WHAT IS EXPECTED:
Set down every entry below exactly as it stands.

:: MATERIALS PROVIDED ::

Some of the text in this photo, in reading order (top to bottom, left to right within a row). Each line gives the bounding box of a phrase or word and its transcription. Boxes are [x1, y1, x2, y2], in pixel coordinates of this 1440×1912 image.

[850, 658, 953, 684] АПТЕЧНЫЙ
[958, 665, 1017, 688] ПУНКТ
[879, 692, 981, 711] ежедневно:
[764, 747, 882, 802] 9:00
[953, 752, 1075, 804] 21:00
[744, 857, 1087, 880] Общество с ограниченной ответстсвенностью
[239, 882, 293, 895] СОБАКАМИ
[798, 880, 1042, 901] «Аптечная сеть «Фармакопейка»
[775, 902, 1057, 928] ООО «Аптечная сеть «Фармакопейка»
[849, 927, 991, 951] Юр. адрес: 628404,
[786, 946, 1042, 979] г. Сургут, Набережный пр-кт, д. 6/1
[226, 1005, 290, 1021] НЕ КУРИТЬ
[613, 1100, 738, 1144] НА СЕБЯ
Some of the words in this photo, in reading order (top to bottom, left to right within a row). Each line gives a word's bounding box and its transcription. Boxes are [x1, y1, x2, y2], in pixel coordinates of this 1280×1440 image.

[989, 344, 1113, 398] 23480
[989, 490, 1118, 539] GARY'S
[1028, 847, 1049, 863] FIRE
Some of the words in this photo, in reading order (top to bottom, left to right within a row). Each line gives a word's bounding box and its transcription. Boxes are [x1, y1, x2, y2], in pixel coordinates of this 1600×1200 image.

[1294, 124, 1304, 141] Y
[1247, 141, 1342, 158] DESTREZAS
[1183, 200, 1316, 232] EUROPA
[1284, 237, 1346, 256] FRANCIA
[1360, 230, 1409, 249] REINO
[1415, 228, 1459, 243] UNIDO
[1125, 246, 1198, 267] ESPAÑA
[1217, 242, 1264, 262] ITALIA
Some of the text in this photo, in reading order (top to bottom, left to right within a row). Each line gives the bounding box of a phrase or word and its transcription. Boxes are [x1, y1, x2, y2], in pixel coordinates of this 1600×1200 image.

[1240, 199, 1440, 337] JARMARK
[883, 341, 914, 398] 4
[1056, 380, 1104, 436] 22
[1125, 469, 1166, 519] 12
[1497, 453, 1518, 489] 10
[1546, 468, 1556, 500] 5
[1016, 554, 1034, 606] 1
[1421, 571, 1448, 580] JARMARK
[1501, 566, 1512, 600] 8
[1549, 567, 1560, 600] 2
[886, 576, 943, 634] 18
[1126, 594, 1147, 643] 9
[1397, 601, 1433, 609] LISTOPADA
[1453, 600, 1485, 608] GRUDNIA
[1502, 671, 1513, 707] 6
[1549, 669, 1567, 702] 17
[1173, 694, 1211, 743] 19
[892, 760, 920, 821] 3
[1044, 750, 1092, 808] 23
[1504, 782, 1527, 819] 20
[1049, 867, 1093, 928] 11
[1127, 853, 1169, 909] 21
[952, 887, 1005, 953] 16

:::

RESPONSE BELOW:
Some of the text in this photo, in reading order (top to bottom, left to right within a row). Each line gives the bounding box of a phrase or word and its transcription. Boxes are [x1, y1, x2, y2], in pixel coordinates of this 1440×1912 image.

[850, 658, 953, 684] АПТЕЧНЫЙ
[958, 665, 1017, 688] ПУНКТ
[879, 692, 981, 711] ежедневно:
[764, 747, 882, 802] 9:00
[953, 752, 1075, 804] 21:00
[744, 857, 1087, 880] Общество с ограниченной ответстсвенностью
[239, 882, 293, 895] СОБАКАМИ
[798, 880, 1042, 901] «Аптечная сеть «Фармакопейка»
[775, 902, 1057, 928] ООО «Аптечная сеть «Фармакопейка»
[849, 927, 991, 951] Юр. адрес: 628404,
[786, 946, 1042, 979] г. Сургут, Набережный пр-кт, д. 6/1
[226, 1005, 290, 1021] НЕ КУРИТЬ
[613, 1100, 738, 1144] НА СЕБЯ
Some of the words in this photo, in reading order (top to bottom, left to right within a row). Each line gives a word's bounding box and its transcription. Boxes are [x1, y1, x2, y2], in pixel coordinates of this 1280×1440 image.

[989, 344, 1113, 398] 23480
[989, 490, 1118, 539] GARY'S
[1028, 847, 1049, 863] FIRE
Some of the words in this photo, in reading order (top to bottom, left to right within a row). Each line gives a word's bounding box and its transcription. Boxes are [x1, y1, x2, y2], in pixel coordinates of this 1600×1200 image.

[1294, 124, 1304, 141] Y
[1247, 141, 1342, 158] DESTREZAS
[1183, 200, 1316, 232] EUROPA
[1284, 237, 1346, 256] FRANCIA
[1360, 230, 1409, 249] REINO
[1415, 228, 1459, 243] UNIDO
[1125, 246, 1198, 267] ESPAÑA
[1217, 242, 1264, 262] ITALIA
Some of the text in this photo, in reading order (top to bottom, left to right within a row). Each line gives the bounding box of a phrase or word and its transcription. Boxes are [x1, y1, x2, y2], in pixel coordinates of this 1600×1200 image.

[1240, 199, 1440, 337] JARMARK
[883, 341, 914, 398] 4
[1056, 380, 1104, 436] 22
[1125, 469, 1166, 519] 12
[1497, 453, 1518, 489] 10
[1546, 468, 1556, 500] 5
[1016, 554, 1034, 606] 1
[1421, 571, 1448, 580] JARMARK
[1501, 566, 1512, 600] 8
[1549, 567, 1560, 600] 2
[886, 576, 943, 634] 18
[1126, 594, 1147, 643] 9
[1397, 601, 1433, 609] LISTOPADA
[1453, 600, 1485, 608] GRUDNIA
[1502, 671, 1513, 707] 6
[1549, 669, 1567, 702] 17
[1173, 694, 1211, 743] 19
[892, 760, 920, 821] 3
[1044, 750, 1092, 808] 23
[1504, 782, 1527, 819] 20
[1049, 867, 1093, 928] 11
[1127, 853, 1169, 909] 21
[952, 887, 1005, 953] 16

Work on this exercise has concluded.